I’m really curious how this current generation of minors turns out, assuming that they also stay up late to watch R-Rated films past their bedtime.  I was one of those kids roughly fifteen years ago and I stayed up into the wee-hours to watch films like HALLOWEEN, MY BLOODY VALENTINE, FRIDAY THE 13TH, and others of their kind.  I knew that if I was patient I’d see a breast, somewhere.  I also knew I’d probably have trouble sleeping, but once my REM kicked in the luscious image of the naked woman would be there to comfort me throughout the night, forcing the image of a lunatic with a knife into submission.  No guts, no glory.

I’m sure today’s youth will probably have the same kind of experience.  Only, I wonder if their dreams of naked women are just bad remakes of mine.

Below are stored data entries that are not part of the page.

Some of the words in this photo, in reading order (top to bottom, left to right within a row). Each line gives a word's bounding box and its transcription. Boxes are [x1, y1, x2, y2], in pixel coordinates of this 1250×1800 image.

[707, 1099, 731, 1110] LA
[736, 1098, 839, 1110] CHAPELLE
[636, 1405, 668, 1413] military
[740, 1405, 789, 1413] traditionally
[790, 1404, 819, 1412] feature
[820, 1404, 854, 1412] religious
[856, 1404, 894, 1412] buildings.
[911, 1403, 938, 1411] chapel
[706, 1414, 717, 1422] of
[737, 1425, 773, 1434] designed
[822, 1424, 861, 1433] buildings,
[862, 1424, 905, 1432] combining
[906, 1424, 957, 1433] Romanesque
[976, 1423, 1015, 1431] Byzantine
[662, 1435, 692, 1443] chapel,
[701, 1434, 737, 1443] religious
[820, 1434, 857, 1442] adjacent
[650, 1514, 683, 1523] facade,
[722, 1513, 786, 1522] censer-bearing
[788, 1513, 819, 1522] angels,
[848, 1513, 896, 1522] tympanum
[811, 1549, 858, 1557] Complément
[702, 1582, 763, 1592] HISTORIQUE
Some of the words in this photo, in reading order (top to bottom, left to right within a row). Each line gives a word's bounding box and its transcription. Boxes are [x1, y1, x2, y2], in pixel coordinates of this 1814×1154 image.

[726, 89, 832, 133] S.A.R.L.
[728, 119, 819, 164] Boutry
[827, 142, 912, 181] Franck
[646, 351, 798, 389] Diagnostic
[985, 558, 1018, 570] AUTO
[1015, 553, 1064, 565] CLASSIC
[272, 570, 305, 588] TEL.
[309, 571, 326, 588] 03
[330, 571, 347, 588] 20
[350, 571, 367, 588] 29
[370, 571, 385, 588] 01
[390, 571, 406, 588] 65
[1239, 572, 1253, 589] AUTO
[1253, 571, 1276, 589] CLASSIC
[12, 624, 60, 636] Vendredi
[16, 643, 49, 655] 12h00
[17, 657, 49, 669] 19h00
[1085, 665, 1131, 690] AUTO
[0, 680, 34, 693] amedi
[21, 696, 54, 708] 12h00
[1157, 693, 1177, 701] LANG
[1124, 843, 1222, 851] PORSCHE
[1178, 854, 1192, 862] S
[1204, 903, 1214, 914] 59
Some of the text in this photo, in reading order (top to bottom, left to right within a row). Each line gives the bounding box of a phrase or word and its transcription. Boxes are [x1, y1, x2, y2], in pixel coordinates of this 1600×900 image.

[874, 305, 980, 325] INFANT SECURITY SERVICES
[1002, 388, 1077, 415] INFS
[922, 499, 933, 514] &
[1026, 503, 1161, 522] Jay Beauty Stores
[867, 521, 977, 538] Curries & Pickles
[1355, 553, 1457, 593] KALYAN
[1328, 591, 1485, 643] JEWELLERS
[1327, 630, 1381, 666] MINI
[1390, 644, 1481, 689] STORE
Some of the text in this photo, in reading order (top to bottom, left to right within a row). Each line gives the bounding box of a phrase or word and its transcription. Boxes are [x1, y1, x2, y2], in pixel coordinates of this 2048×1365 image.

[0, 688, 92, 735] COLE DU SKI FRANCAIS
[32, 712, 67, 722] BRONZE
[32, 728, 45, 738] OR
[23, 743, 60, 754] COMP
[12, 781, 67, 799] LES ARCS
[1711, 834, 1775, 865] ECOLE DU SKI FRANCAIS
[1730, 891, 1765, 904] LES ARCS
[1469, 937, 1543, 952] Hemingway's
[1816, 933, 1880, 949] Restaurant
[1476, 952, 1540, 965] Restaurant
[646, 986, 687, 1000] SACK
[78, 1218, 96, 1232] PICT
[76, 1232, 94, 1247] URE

BLACK CHRISTMAS (2006) is another in the constantly growing canon of horror film rehashes.  The original, which is an overlooked landmark in the slasher film sub-genre, was made by Bob Clark who is one of the most under-acknowledged filmmakers in the latter half of the 20th century.  While 1974’s BLACK CHRISTMAS isn’t nearly as well known as the more popular titles in the horror film catalog it is about as revered, amongst those that have seen it, as some of the genre’s best.

The story for the newer film involves about five or six fully clothed sorority breasts having a minimal Christmas celebration in the sorority house.  The same night of their party a yellow-skinned incarcerated mental patient escapes from his cell and returns home to kill whomever is living in his old house.  That house is the sorority house of the said fully-clothed pairs of breasts having a party.

One of the party’s later arrivals is an ex-sorority breast who has come to pick up baby sister breast, who is the first to go missing. And thus begins the massacre and endless flashbacks to explain everything about the killer, because otherwise we couldn’t enjoy ourselves.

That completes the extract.